Les lignes commencent à bouger avec le formidable travail de la Civiise, des congrès et des formations pluridisciplinaires, comme à la faculté de médecine de Grenoble, de Caen ou de Paris Descartes avec un DU - dans lequel j’interviens. Une recherche clinique multicentrique est en cours de lancement avec les équipes du CHU de Caen.
Lorsque les jeunes enfants, même très petits, perçoivent qu’un médecin ou toute autre personne est prêt à les écouter, à les croire et à les protéger, vous n’imaginez pas les trésors de communication qu’ils déploient pour exprimer ce qu’ils vivent, pour être aidés. Écoutons-les, entendons-les, c’est une question de santé publique, mais surtout de simple humanité.
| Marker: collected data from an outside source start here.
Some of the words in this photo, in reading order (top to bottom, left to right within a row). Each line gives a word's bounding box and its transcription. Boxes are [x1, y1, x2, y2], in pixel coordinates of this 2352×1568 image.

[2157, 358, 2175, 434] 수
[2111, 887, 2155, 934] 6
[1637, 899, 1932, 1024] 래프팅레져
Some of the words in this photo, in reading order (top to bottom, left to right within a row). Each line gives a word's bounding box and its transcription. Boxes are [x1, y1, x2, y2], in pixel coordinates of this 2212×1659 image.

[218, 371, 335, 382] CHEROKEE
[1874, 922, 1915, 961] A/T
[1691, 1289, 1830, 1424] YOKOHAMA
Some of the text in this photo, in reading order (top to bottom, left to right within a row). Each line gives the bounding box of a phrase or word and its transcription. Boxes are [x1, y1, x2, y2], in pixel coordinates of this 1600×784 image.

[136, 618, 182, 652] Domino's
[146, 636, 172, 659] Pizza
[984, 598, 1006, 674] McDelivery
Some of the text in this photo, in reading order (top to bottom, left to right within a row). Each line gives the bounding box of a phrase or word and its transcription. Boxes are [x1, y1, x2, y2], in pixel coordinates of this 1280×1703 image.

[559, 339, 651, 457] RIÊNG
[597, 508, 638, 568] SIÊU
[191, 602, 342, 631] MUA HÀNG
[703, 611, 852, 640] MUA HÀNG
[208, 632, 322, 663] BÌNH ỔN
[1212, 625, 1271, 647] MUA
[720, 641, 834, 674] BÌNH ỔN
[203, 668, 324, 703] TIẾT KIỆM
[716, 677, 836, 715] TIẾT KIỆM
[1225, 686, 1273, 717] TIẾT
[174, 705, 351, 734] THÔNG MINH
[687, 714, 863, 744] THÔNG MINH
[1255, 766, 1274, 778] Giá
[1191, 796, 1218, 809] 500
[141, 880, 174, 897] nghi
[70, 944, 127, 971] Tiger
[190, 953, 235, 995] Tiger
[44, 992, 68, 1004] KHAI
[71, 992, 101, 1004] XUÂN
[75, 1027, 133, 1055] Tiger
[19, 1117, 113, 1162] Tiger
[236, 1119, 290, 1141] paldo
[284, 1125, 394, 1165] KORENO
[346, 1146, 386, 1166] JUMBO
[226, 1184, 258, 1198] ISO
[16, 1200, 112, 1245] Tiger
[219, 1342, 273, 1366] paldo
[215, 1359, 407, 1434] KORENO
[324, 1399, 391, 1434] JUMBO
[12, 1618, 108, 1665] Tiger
(1) Le bébé maltraité se tait, mais il parle ! Signes cliniques et autobiographiques du bébé et du jeune enfant, victimes de violences sexuelles, Dr Myriam Pierson-Berthier, éditions Dunod, 2022
(2) Le corps n’oublie rien, Bessel Van der Kolk, éditions Albin Michel, 2018
L’Académie de médecine appelle à sortir du déni
À peine deux semaines après la publication d’un rapport sur la maltraitance physique des enfants, l’Académie nationale de médecine persiste et signe : « le déni de maltraitance met l’enfant en péril », insiste-t-elle dans un nouveau communiqué. Or « la maltraitance chez l’enfant a toujours fait l’objet de déni », regrette-t-elle, un déni qui retarde le diagnostic de maltraitance, accentuant le risque de répétition des violences.
L’Académie le reconnaît : le diagnostic est difficile et place les médecins dans une situation inconfortable vis-à-vis de l’enfant et son entourage. « Le soignant intervient en ignorant qui est l’auteur de la maltraitance, même si celle-ci est certaine », lit-on. Et ce n’est pas à lui de mener l’enquête, mais aux enquêteurs et magistrats.
L’Académie précise les principes du diagnostic, à commencer par le fait que ce n’est jamais un seul médecin qui pose le diagnostic mais une équipe pluridisciplinaire. Sa confirmation requiert des compétences pédiatriques spécialisées ; l’analyse objective du contexte global de l’enfant ou de l’adolescent est essentielle, ne serait-ce que pour éliminer toutes les autres causes médicales possibles des lésions observées. D’où l’importance d’hospitaliser immédiatement l’enfant à la moindre évocation de maltraitance pour assurer sa protection et évaluer la situation. « L’intervention des professionnels face à une situation de maltraitance d’un enfant gagne à être pensée dans une vision qui englobe l’enfant victime, sa famille et l’auteur de la maltraitance. Elle consiste avant tout à protéger l’enfant victime », lit-on encore. S’il faut tenir compte de la constellation familiale pour la prise en charge, « la préoccupation principale est l’enfant », insiste l’Académie.